这样,他们两个人受圣灵的差遣,就下到塞琉西亚,又从那里坐船前往塞浦路斯岛, 到了萨拉米斯,就在犹太人的各会堂里传讲神的话语[b]。他们也有约翰马可[c]做助理。 他们走遍全岛[d],直到帕福斯,遇见了一个名叫巴耶苏犹太人,是个行法术的假先知。 他和省长瑟吉乌斯保罗常在一起。省长是一个明智的人,他请了巴拿巴扫罗来,要求听神的话语[e] 但那行法术的以路摩——他的名字翻译出来就是“行法术的”——却抵挡他们,企图使省长转离这信仰。

可是扫罗,也就是保罗,被圣灵充满,注视着以路摩 10 说:“哦,你这个充满一切诡诈、一切奸恶的人哪!魔鬼的儿子,一切公义的仇敌!你歪曲主的正道,还不停止吗? 11 看哪,现在主的手临到你,你要瞎眼,暂时看不见日光。
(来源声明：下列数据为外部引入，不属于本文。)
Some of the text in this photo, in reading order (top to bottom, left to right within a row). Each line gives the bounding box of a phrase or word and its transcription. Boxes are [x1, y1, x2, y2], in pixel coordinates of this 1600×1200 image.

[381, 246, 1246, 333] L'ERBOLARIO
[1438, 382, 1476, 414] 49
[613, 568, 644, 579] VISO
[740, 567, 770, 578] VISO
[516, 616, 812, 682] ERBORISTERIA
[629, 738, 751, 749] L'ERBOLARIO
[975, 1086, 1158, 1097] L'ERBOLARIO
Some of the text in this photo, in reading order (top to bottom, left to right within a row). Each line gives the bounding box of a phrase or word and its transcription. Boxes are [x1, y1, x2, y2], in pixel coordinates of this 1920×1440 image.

”立刻,迷雾和黑暗笼罩了他,他四处摸索,求人牵手领路。

12 省长当时看见所发生的事,对主的教导惊叹不已,就信了。

在彼西底的安提阿传道

13 保罗一行从帕福斯起航,来到潘菲利亚省的佩尔格约翰马可[f]却离开他们,回耶路撒冷去了。 14 他们从佩尔格往前行,来到皮西迪亚地区的安提阿,在安息日那天,就进了会堂坐下。 15 诵读了律法和先知书以后,会堂主管们派人来对他们说:“各位兄弟,如果有什么鼓励民众的话,就请说吧。”
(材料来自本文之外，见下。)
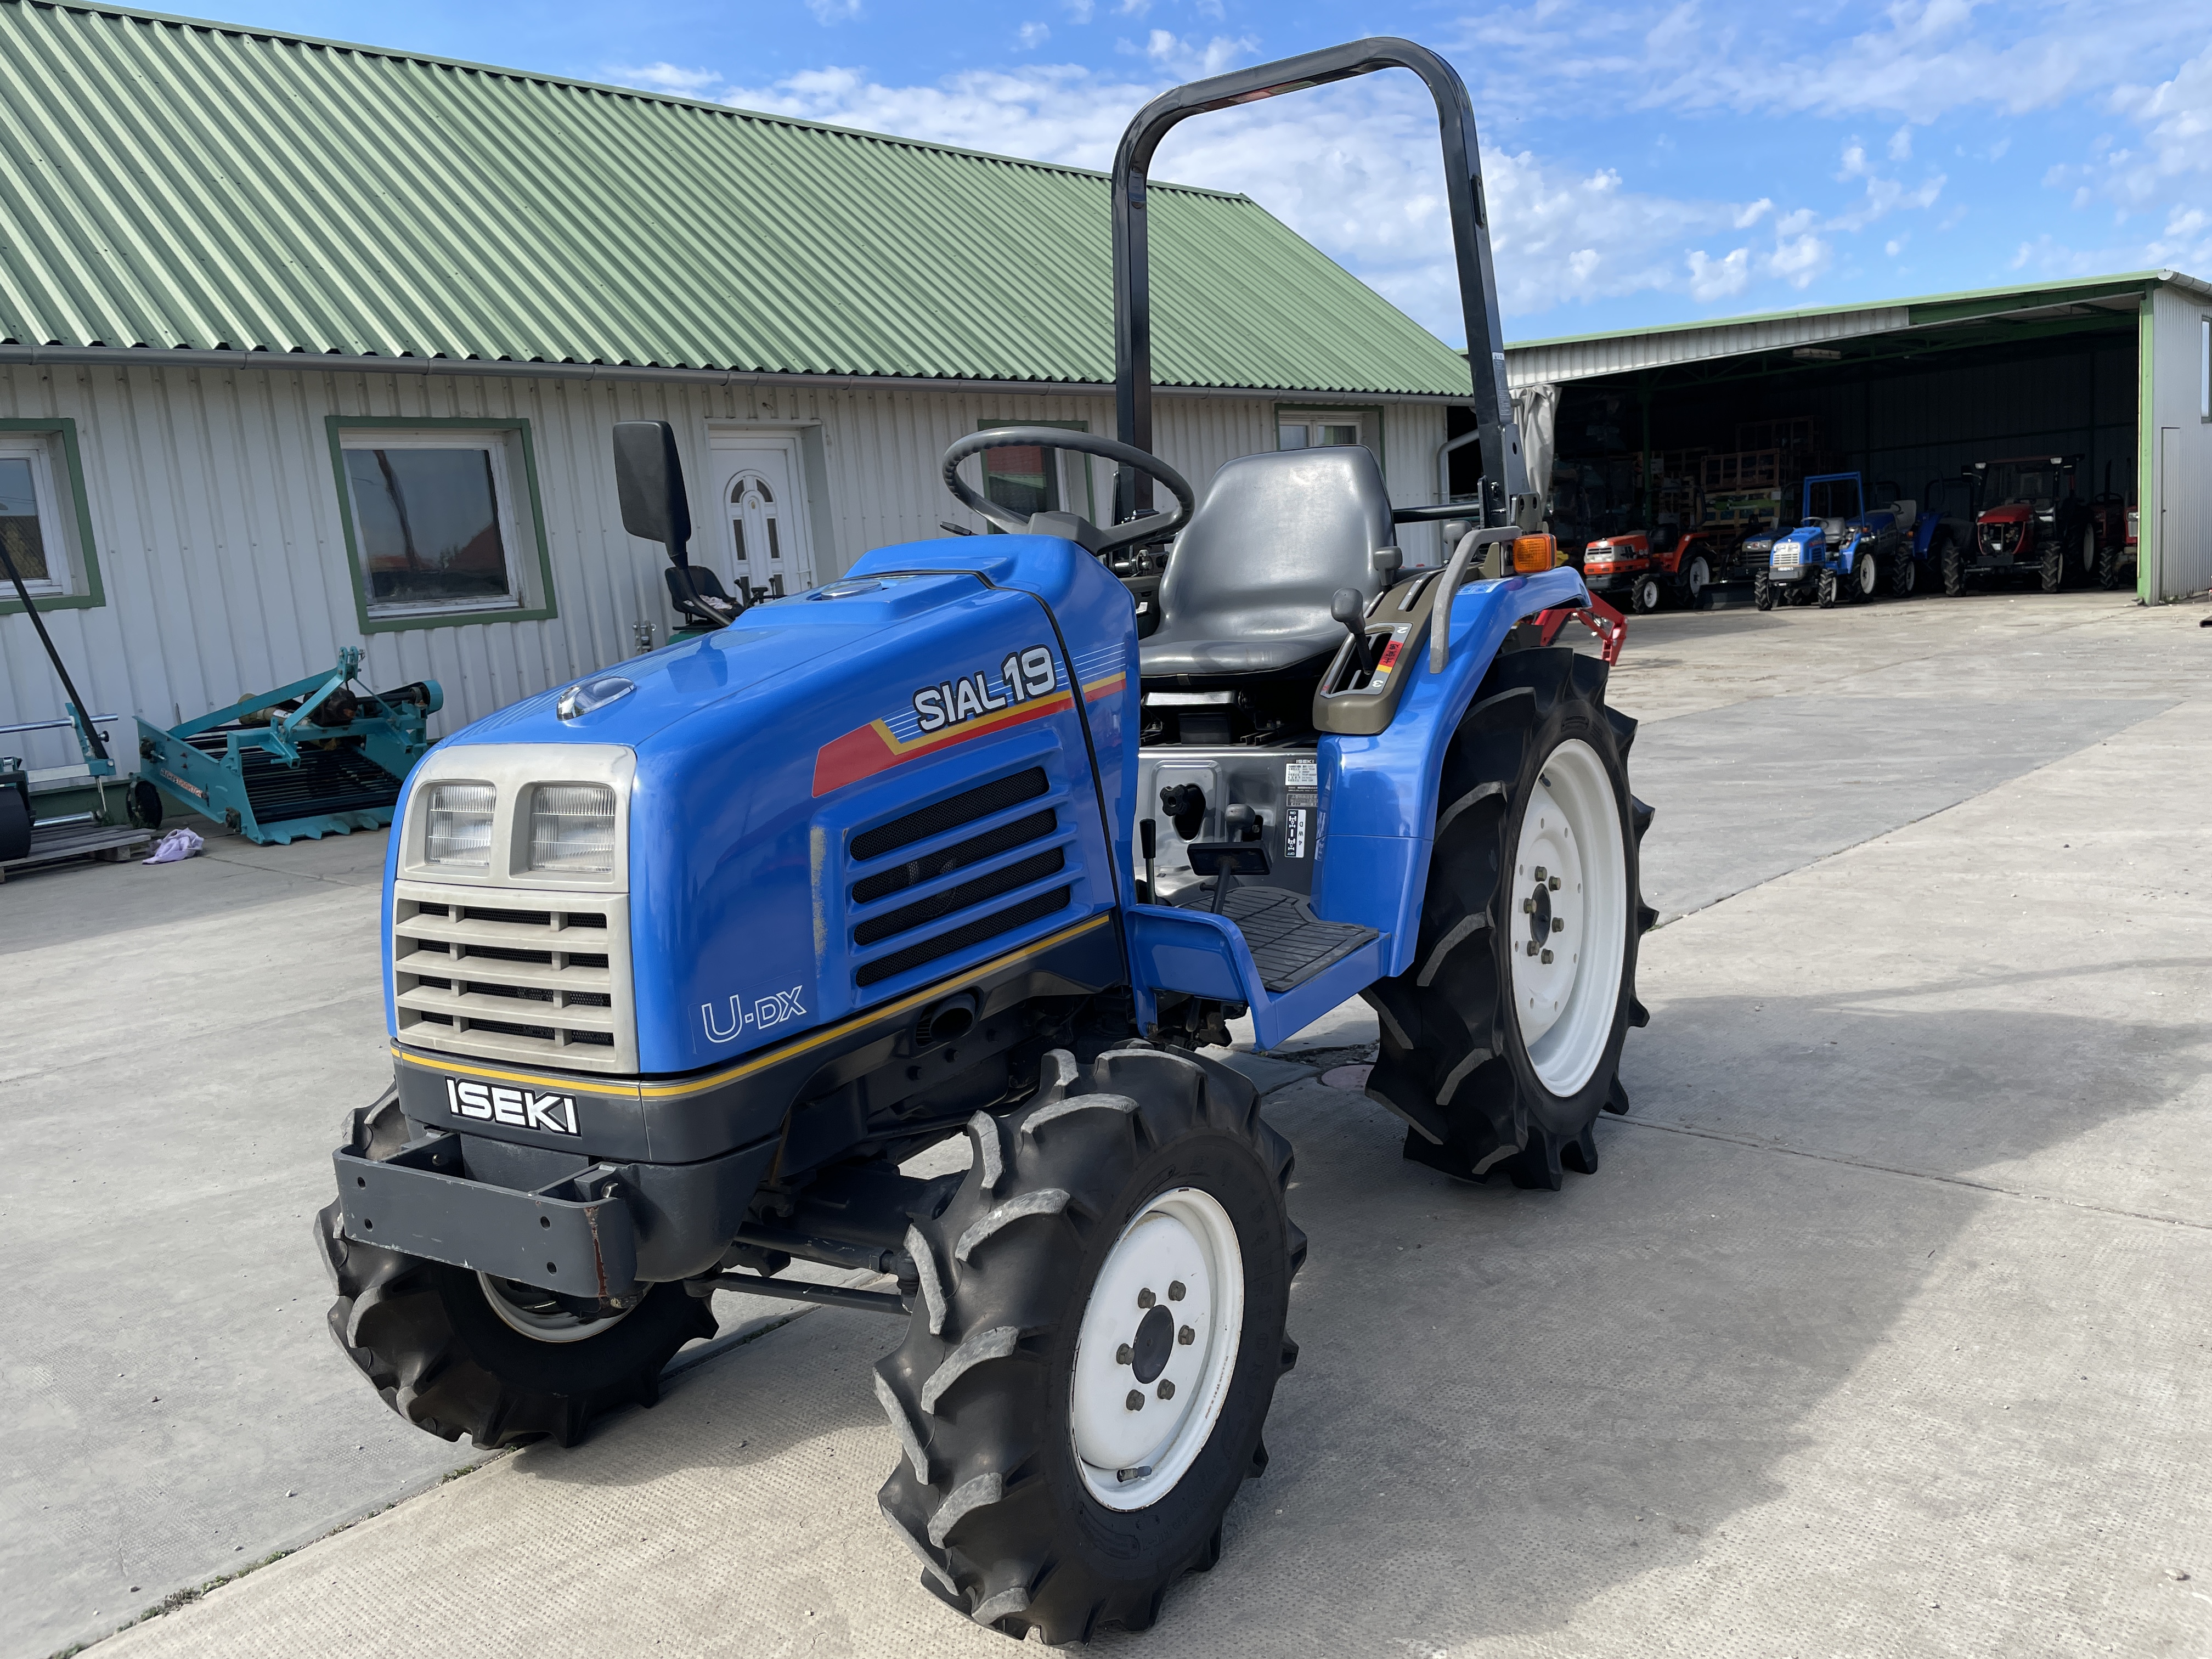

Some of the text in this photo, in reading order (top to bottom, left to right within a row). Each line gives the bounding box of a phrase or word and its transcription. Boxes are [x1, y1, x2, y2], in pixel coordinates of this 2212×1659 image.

[915, 646, 1056, 731] SIAL 19
[445, 1076, 578, 1135] ISEKI
16 保罗就站起来,挥一下手,说:“各位以色列人和敬畏神的人,请听! 17 以色列民族的神拣选了我们的祖先,当他们寄居在埃及地的时候,高举他们,并用大能的膀臂带领他们从那里出来。 18 在旷野,神容忍了他们约有四十年之久。 19 神消灭了迦南地的七个民族后,把他们的土地赐给我们的先祖[g]为继业, 20 约有四百五十年。这些事以后,神又赐给他们士师,直到先知撒母耳为止。 21 此后,他们要求立一个王,神就把便雅悯支派的一个人,基士的儿子扫罗给他们为王[h],共四十年。 22 后来神废除了扫罗,兴起大卫做他们的王,并且为他见证说:‘我找到了耶西的儿子大卫,一个合乎我心意的人,他将遵行我的一切旨意。’[i]

23 “神照着应许,从这人的后裔中给以色列带来了一位救主,就是耶稣。 24 在耶稣公开出来之前,约翰预先向所有以色列子民宣讲了悔改的洗礼。 25 约翰快要跑尽该跑的路程[j]时,说:‘你们认为我是谁?我不是那一位。看哪,他要在我以后来,我就是为他解脚上的鞋带也不配。’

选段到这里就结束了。